Claudia Lupien livre une romance douce et importante, après avoir suivi une formation de pleine conscience intégrative pour l'aider dans son écriture et cela transparaît plus on avance dans le récit.
Si tu as aimé Witch! C'est moi l'ingrédient secret de Jessy Riendeau, Un p'tit goût de magie est fait pour toi!
Je vous recommande ces deux lectures et je vais tenter, quant à moi, de trouver ce p'tit goût de magie dans mon quotidien...ou de le créer, pourquoi pas!
Changer de carrière à la mi-quarantaine : tout un défi, surtout quand on souffre d’anxiété! C’est pourtant ce qui attend Geneviève qui, après avoir démissionné de la compagnie pharmaceutique où elle travaillait depuis 20 ans, doit reconstruire sa vie autour d’un projet qui la fera vibrer réellement.
J’ai aimé suivre le développement de Geneviève et de Guillaume: elle dans son combat contre l’anxiété sociale et lui dans son combat contre l’injustice. Leur relation se développe lentement au fil des rencontres fortuites, puis autour du nouveau projet de vie.

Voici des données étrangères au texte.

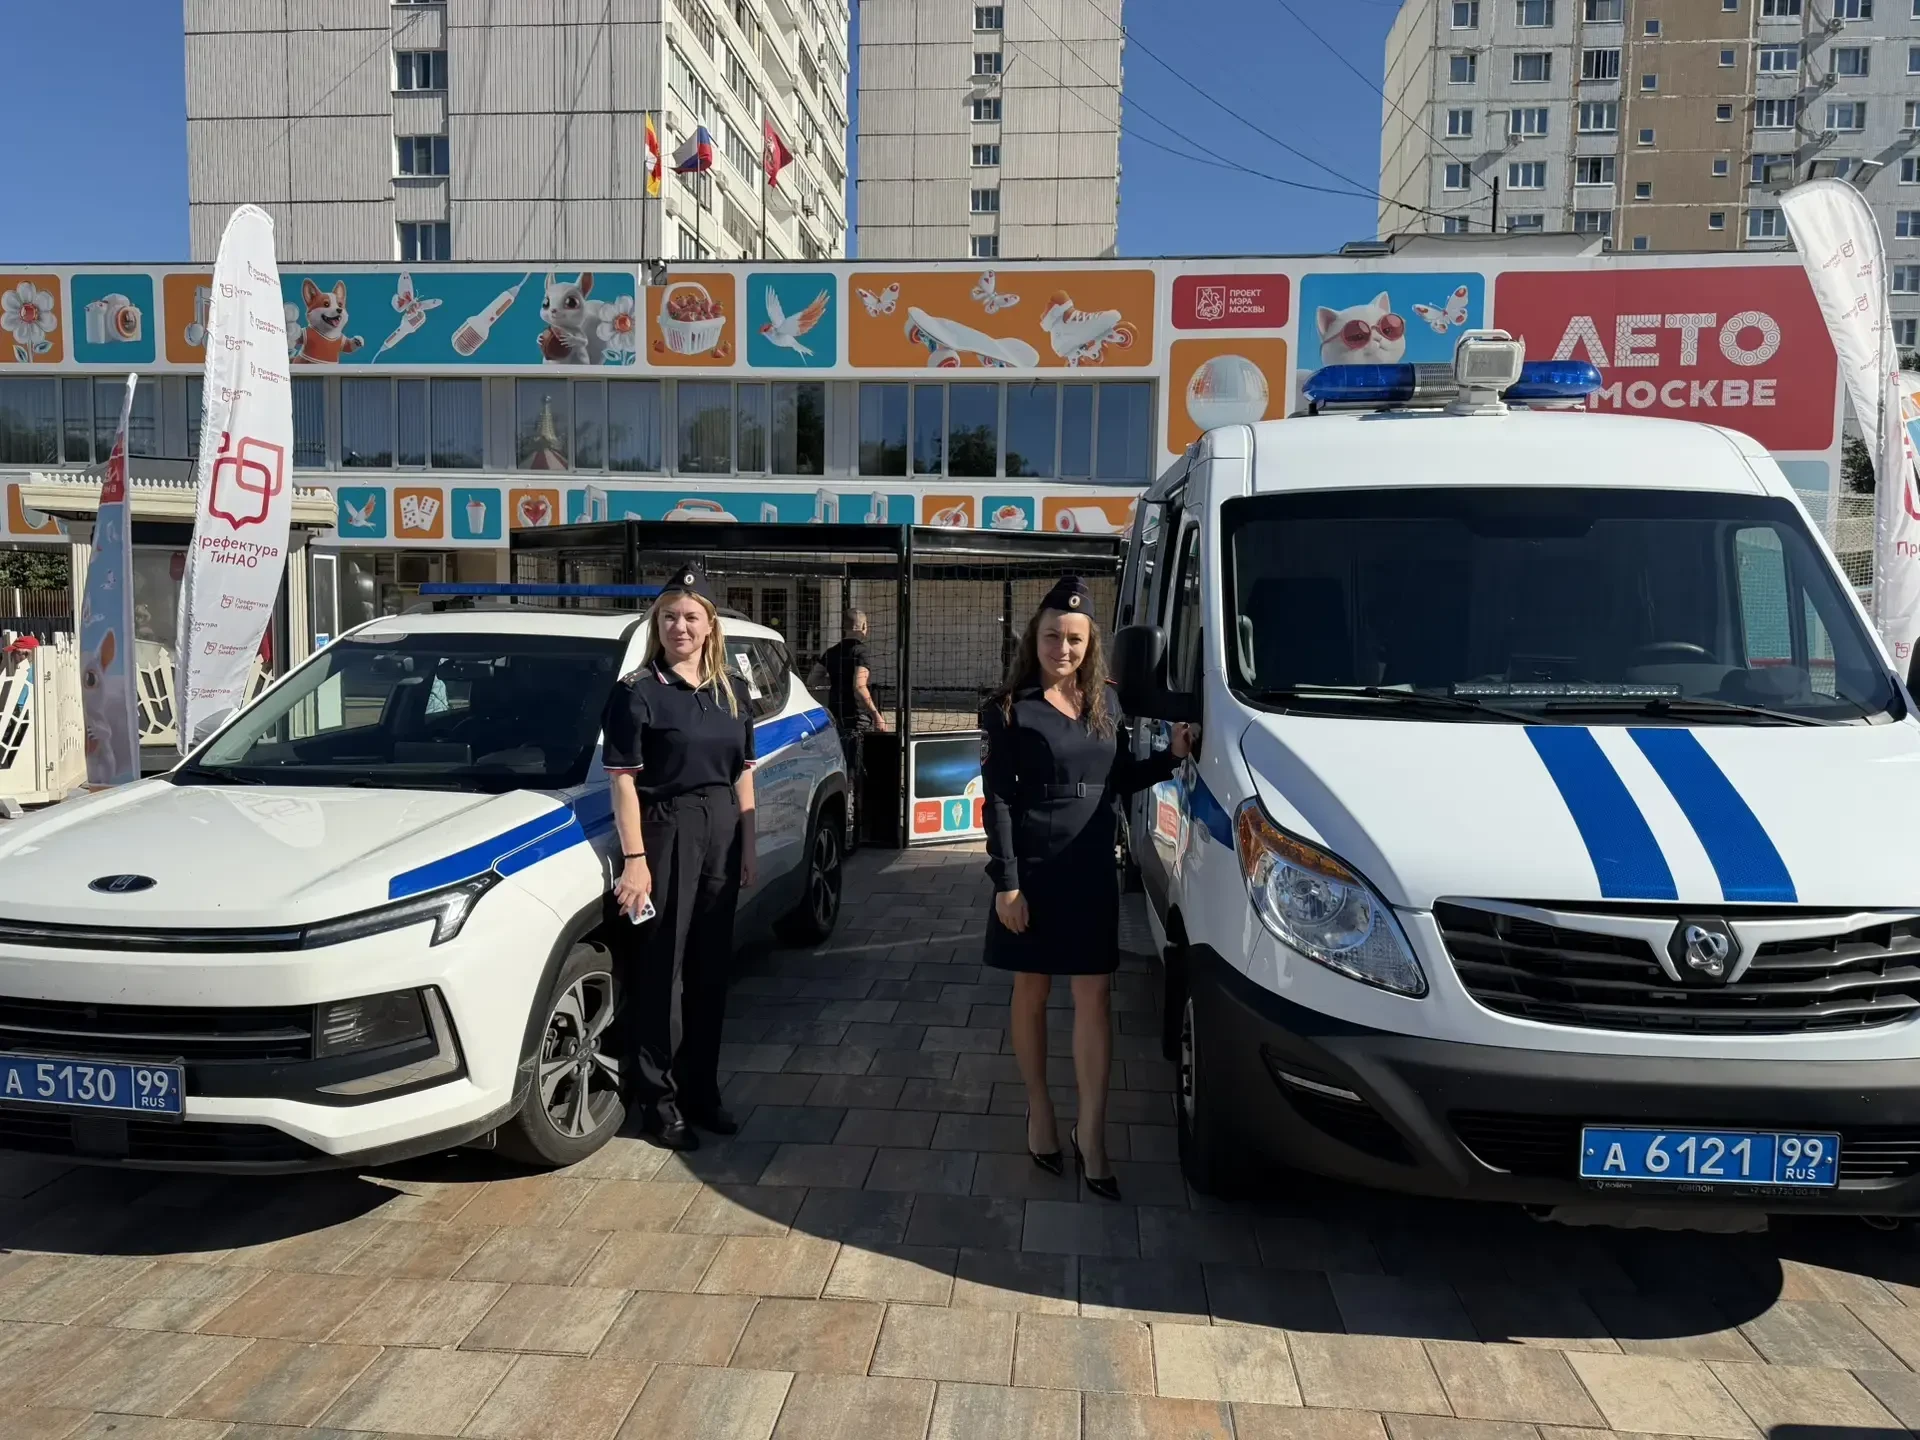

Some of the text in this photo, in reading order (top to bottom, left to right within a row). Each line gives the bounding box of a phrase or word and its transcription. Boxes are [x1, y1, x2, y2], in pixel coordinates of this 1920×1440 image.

J’ai particulièrement aimé la façon dont réagit Guillaume face à l’anxiété de Geneviève, soit en l’accompagnant dans son projet entrepreneurial et en respectant son besoin d’espace et de sécurité. J’ai aussi apprécié comment les familles jouent un rôle important et positif dans leurs vies respectives.
L’autrice nous amène également à réfléchir et à philosopher avec les protagonistes de l’histoire sur la vie et le bonheur. Loin d’être lourde, cette réflexion amène un p’tit plus à l’histoire.
Une romance fell good qui donne le goût de croire en nos rêves et de tout faire pour qu’ils se réalisent.
J’aime beaucoup les romans de Claudia Lupien, mais ce n’est pas mon favori. Il y a quelques longueurs et je n’ai pas pu m’identifier aux personnages. Par contre, j’ai bien aimé comprendre ce que certains entrepreneurs/propriétaires peuvent vivre.